Academy personnel and DFS investigators noted the girl’s “skeletal” appearance and the fact that, at the age of 17, she had yet to begin menstruating. 

Rosty said that while she was at the Academy, she heard her peers discussing sexual topics, prompting her to state that those were activities she associated with her father. Her peers encouraged her to report further. Rosty said the girl told authorities she would wake up with Marler on top of her, grinding and minimally clothed. She said she was made to touch Marler’s genitals, and reported an instance of penile penetration, an allegation resulting in one of two counts of sexual abuse of a minor in the first degree.

Peterson said that those disclosures hadn’t surfaced until the girl learned that the next stop after the Academy would be the Marlers’ instead of the job corps, as she had hoped. 
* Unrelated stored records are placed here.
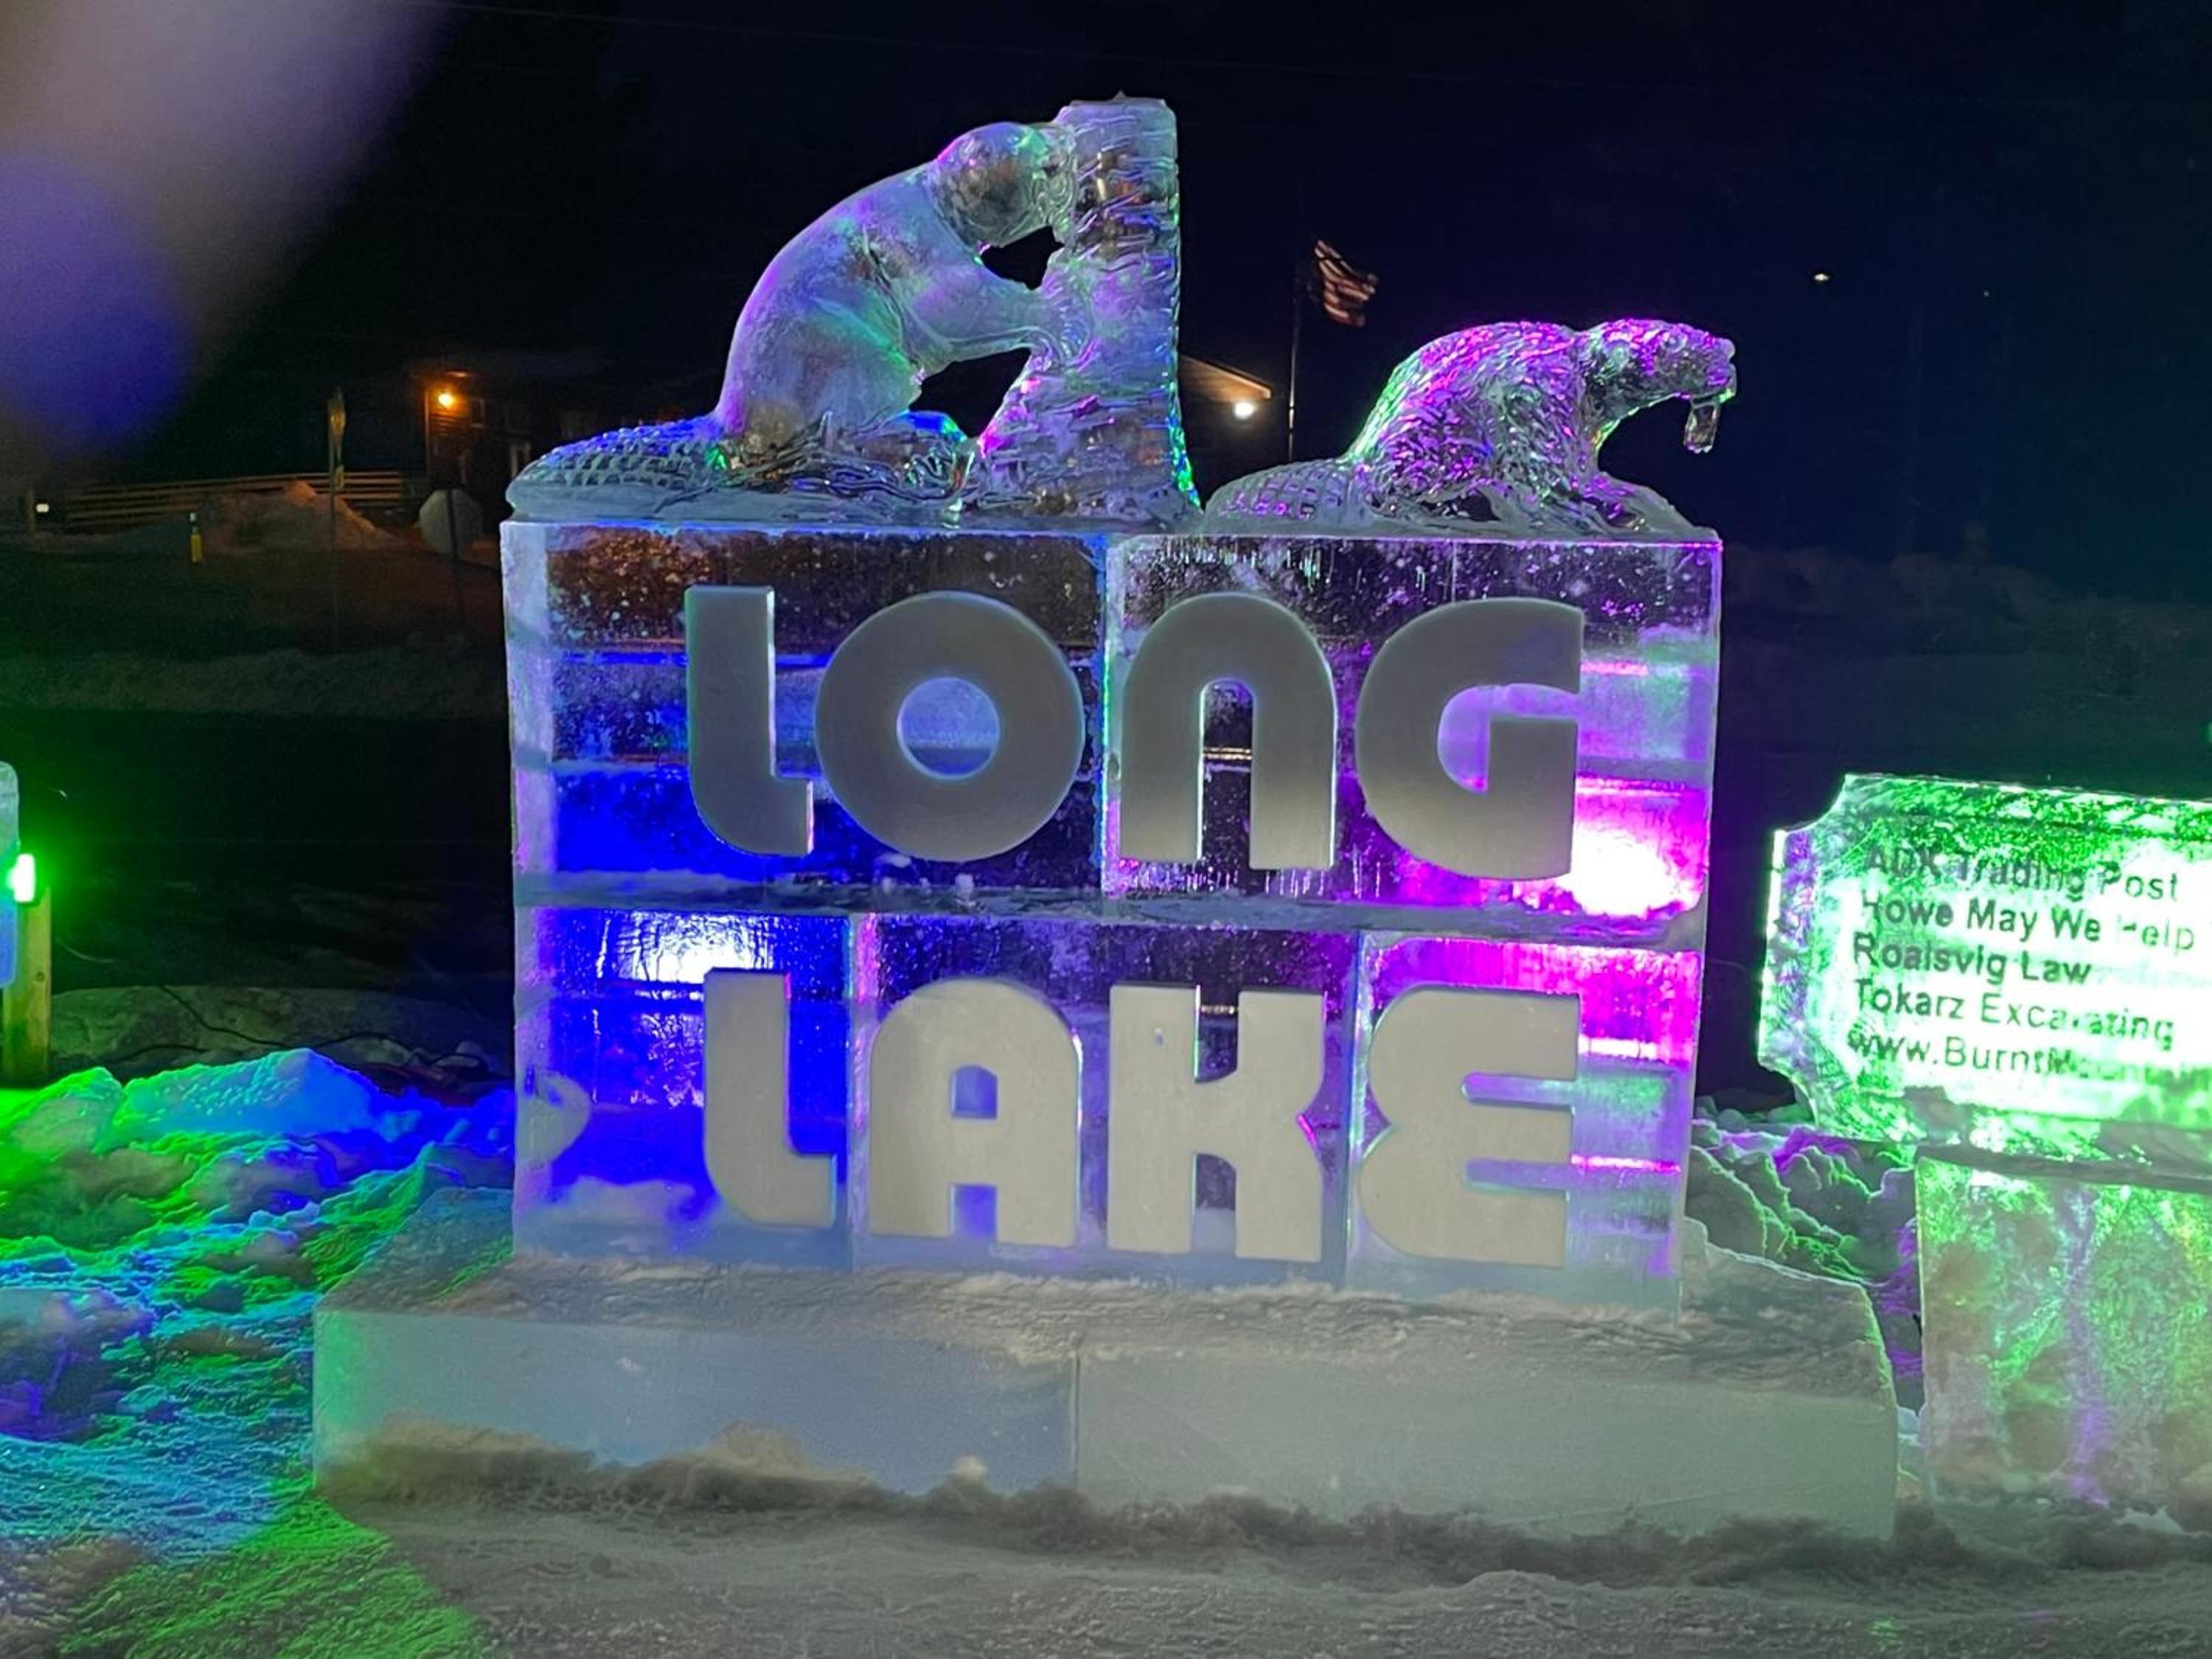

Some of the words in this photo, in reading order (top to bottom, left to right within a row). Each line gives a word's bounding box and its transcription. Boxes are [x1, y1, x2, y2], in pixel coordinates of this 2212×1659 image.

[684, 585, 1584, 881] LONG
[1954, 849, 2086, 902] Trading
[2101, 860, 2179, 901] Post
[1966, 898, 2038, 942] May
[2051, 907, 2101, 942] We
[2020, 950, 2091, 986] Law
[1854, 978, 1966, 1020] Tokarz
[1981, 992, 2174, 1052] Excaating
[702, 969, 1581, 1267] LAKE
In May 2023, another girl who had run away and been arrested told authorities that she didn’t want to go back home because Marler had abused her. She recalled specific incidents when she was about 13 years old of Marler laying in bed with her, touching her genitals above and below clothing and rubbing his “private part” against her, according to statements in the affidavit. 
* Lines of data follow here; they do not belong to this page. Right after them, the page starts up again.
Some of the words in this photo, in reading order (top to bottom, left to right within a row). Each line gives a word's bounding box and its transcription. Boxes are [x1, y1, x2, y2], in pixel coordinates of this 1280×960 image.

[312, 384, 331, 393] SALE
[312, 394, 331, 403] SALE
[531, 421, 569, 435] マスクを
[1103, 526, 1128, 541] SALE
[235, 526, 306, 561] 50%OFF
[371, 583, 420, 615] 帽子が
In June 2023, the foster children were removed from the home, according to court filings. The Natrona County Sheriff’s Office conducted 120 interviews. Corroborating statements were recorded by all but two of the children who denied feeling unsafe at the home, according to the affidavit.

“One by one, the longer they are away the more they are willing to talk,” Rosty told the jury Wednesday.

Many of the children also told investigators “there was a lot of excessive discipline” at the Marler home, Lauderdale wrote in the affidavit. This would include being forced to run miles in the snow in their pajamas. One child said that Marler had punched him in the face and that beatings were common. 

Another boy told investigators that in the winter of 2020–21, he and other children were shoveling snow off the roof when Marler pushed him and he slid off, gashing his leg. One child told investigators “‘everyone’” saw the incident and that “nobody wanted to be there.”

Rosty said that pictures taken of the home in 2021 had revealed cameras in the halls and school room, but not the bedroom. Rosty said the 1-terabyte hard drive was empty when investigators obtained it, but that in January of this year, about 9,000 deleted files were recovered. Only 1,500 files were accessible, but Rosty said they would collectively show one of the girls going into the master bedroom; Marler crawling over a mattress where all the girls slept and sitting on one girl’s face; and the girls massaging Marler for a 45-minute period.

Another video would show one of the boys standing naked while Marler holds a belt and other children are made to stand and watch, Rosty said. He said the jury would see the boy and Marler move out of frame and the boy return into camera view with obvious injuries to his buttocks.

Last month, Rosty had filed an unopposed motion to continue the trial to give both sides time to review the files, but the motion was denied.

Rosty said many evenings in the family room centered around the children giving Marler clothed massages, which he would return, and that the activity was known in the family as the “Daddy Tax.”

Before opening statements, Judge Kerri Johnson instructed the jury that evidence presented regarding massages, punishments or Marler observing the children undress was not direct evidence of specific allegations of sexual abuse, but they may consider it as part of the overall narrative of the case.